第19話 入隊準備
冬に入っても、フリードリヒとユーリカは変わらず訓練漬けの日々を送っていた。ユーリカは順調に剣術の腕を上げ、フリードリヒは着実に体力をつけながら知識を増やしていた。
「そうだ! そのまま耐えろ! 助けが入るまで踏ん張れ!」
この日、フリードリヒはいつもと同じように屋敷の裏庭でグレゴールの稽古を受けていた。単純な、しかし力強いグレゴールの斬撃を、堅実な構えで防ぎ続けていた。

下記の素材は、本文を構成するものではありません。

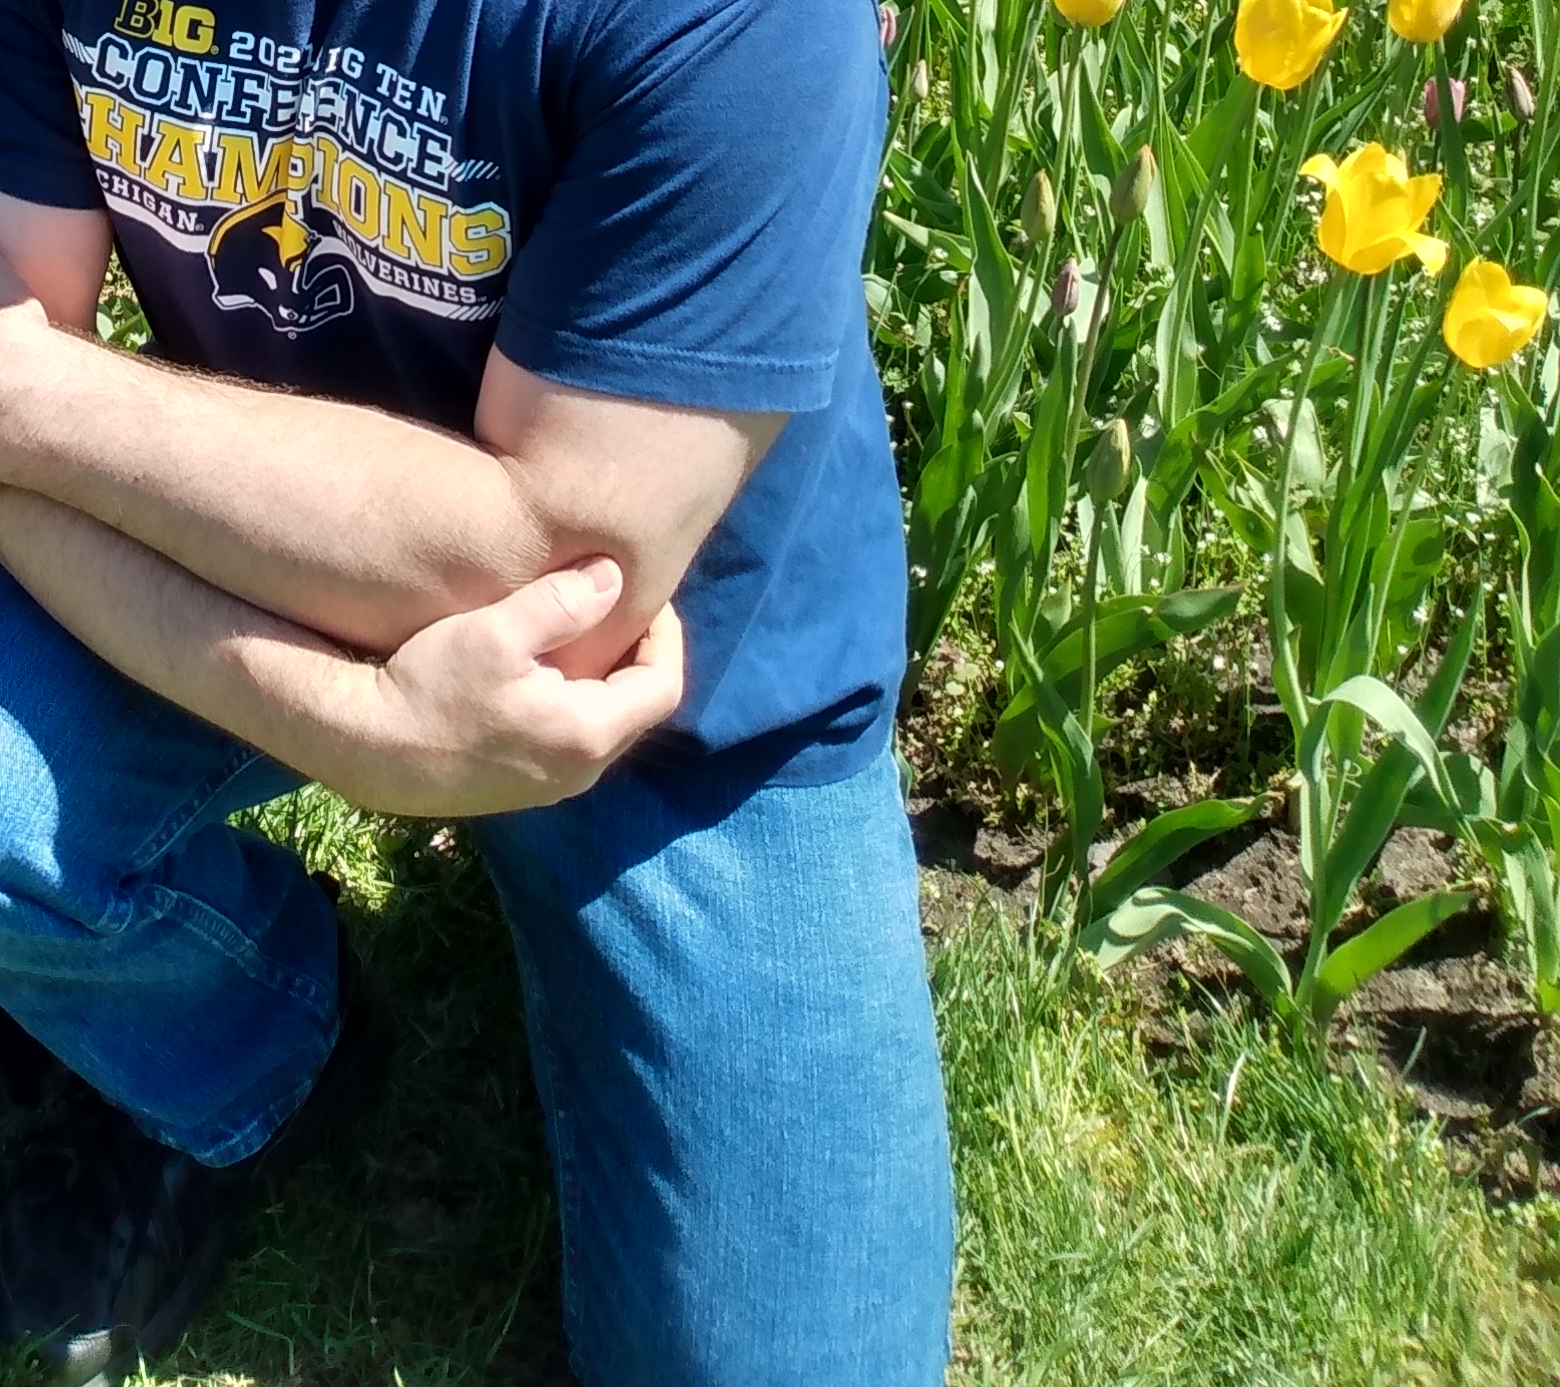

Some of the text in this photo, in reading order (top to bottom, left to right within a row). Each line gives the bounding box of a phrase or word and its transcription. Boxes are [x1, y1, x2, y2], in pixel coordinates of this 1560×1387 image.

基本的な攻撃の型は十種類もない。敵味方入り乱れる戦場では、たとえ手練れの騎士でも複雑な剣技を使うことは少ないので、これらの攻撃を防ぐ方法さえ覚えておけば最低限は身を守ることができる。時間稼ぎだけならば、フリードリヒでも反復的に訓練を重ねればそう難しくはない。
「よし、よく耐えた! ユーリカ、助けに入れ!」
グレゴールの許可を得て、ユーリカが飛び込んでくる。フリードリヒが時間稼ぎの自衛をしているところへ、他の敵を倒した護衛のユーリカが助けに入る、という想定の訓練だった。
そのユーリカも、以前のように無謀な攻撃は仕掛けない。フリードリヒを背後に置く立ち位置を保ちながら戦い、最後にはグレゴールの腹へと横薙ぎに木剣を当てる寸前で止める。

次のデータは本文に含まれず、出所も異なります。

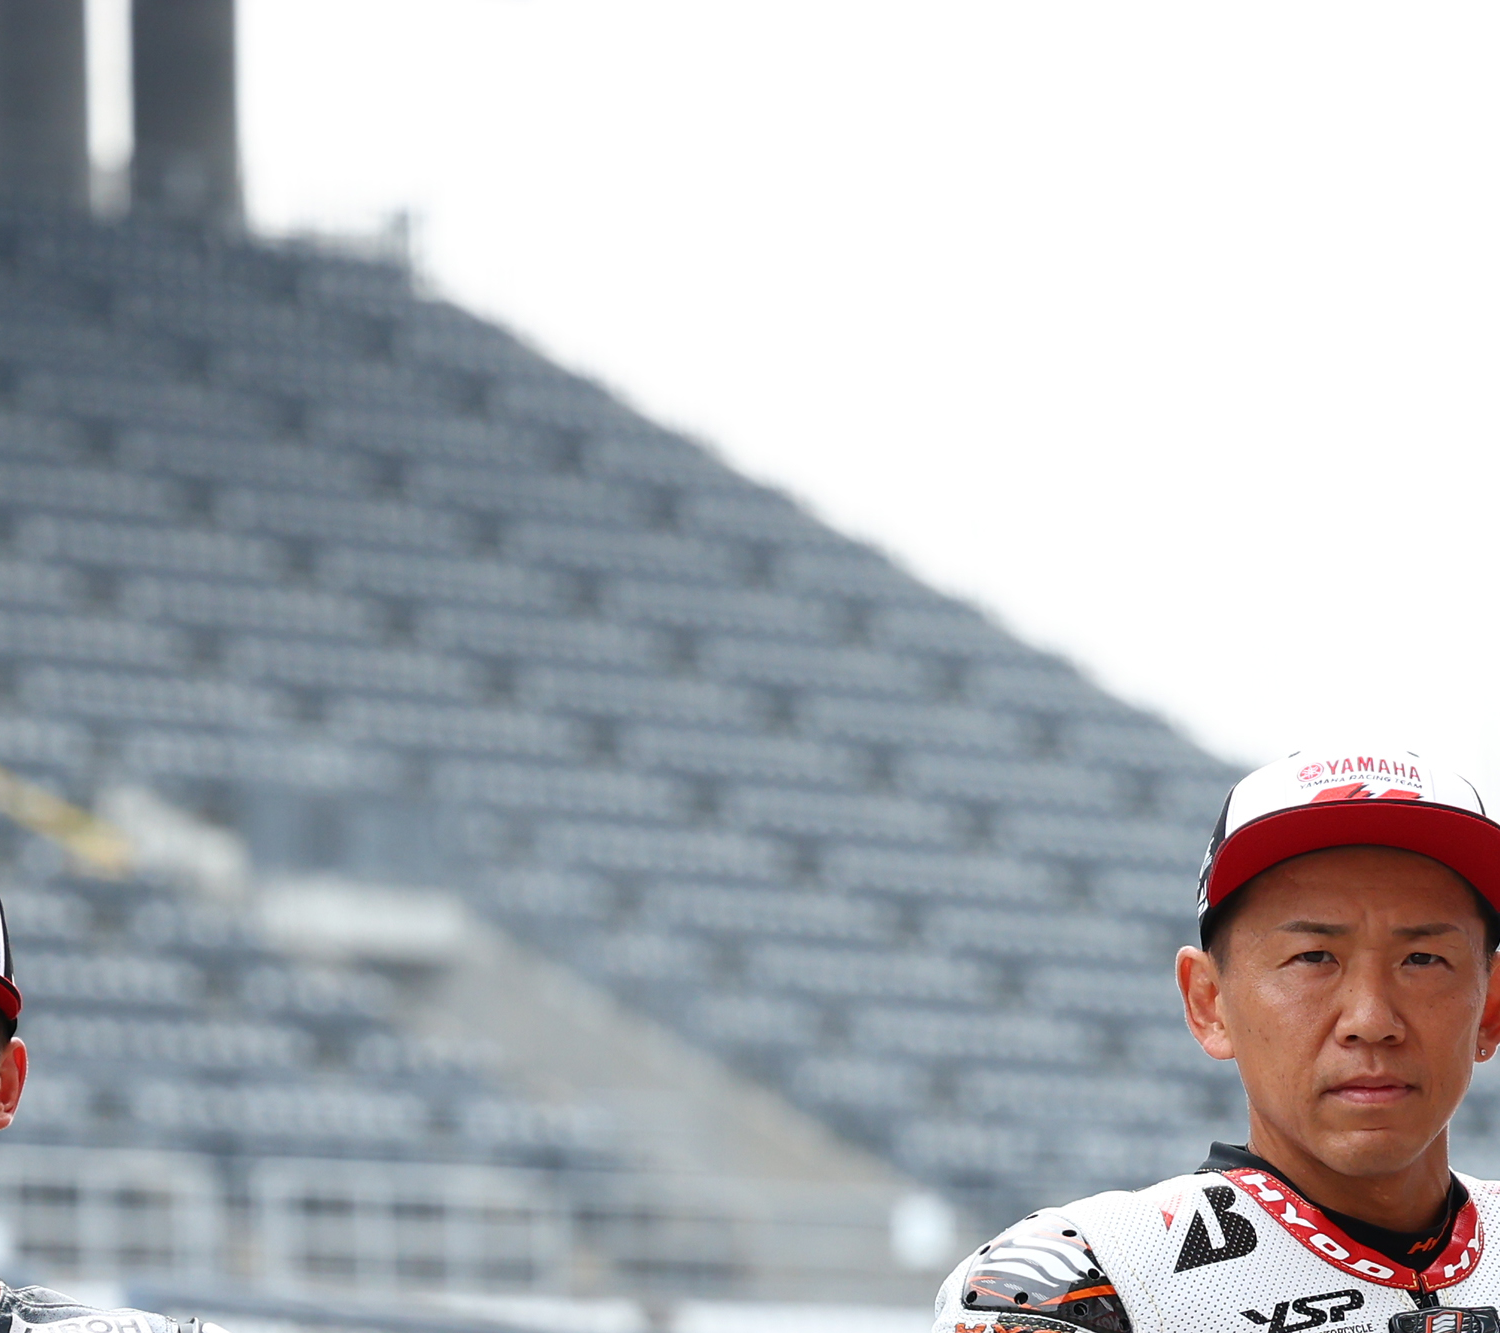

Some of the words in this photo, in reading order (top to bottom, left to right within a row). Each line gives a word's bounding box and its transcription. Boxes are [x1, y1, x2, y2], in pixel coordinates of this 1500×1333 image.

「それでいい! 雑兵を倒したぞ! 次は騎士が来た!」
数歩下がったグレゴールは、今度は構えを少し変える。そして、明らかに先ほどまでよりも鋭い動きで攻めてくる。
それに対しても、ユーリカは冷静に対処する。技術的にはまだ未完成だが、それを持ち前の反射神経と身体能力で補うことで防御を成す。
「そのまま防ぎ続けろ! 安易に攻めに転じるなよ! 堅実に守りながら相手が隙を見せるのを待て! フリードリヒまだ気を抜くな! ユーリカが敵に抜かれたら、お前は最低でも最初の一撃を自力で防げ! ユーリカならその間に持ち直すだろう!」
話しながら、グレゴールは攻撃の手を緩めない。
ユーリカを怯ませた隙にフリードリヒ目がけて斬りかかろうとするグレゴールは、しかしフリードリヒが防御の姿勢をとっているために攻めあぐねる。そんな展開が二度ほど続いた後、グレゴールが隙のやや大きな攻撃をユーリカに向けて放った。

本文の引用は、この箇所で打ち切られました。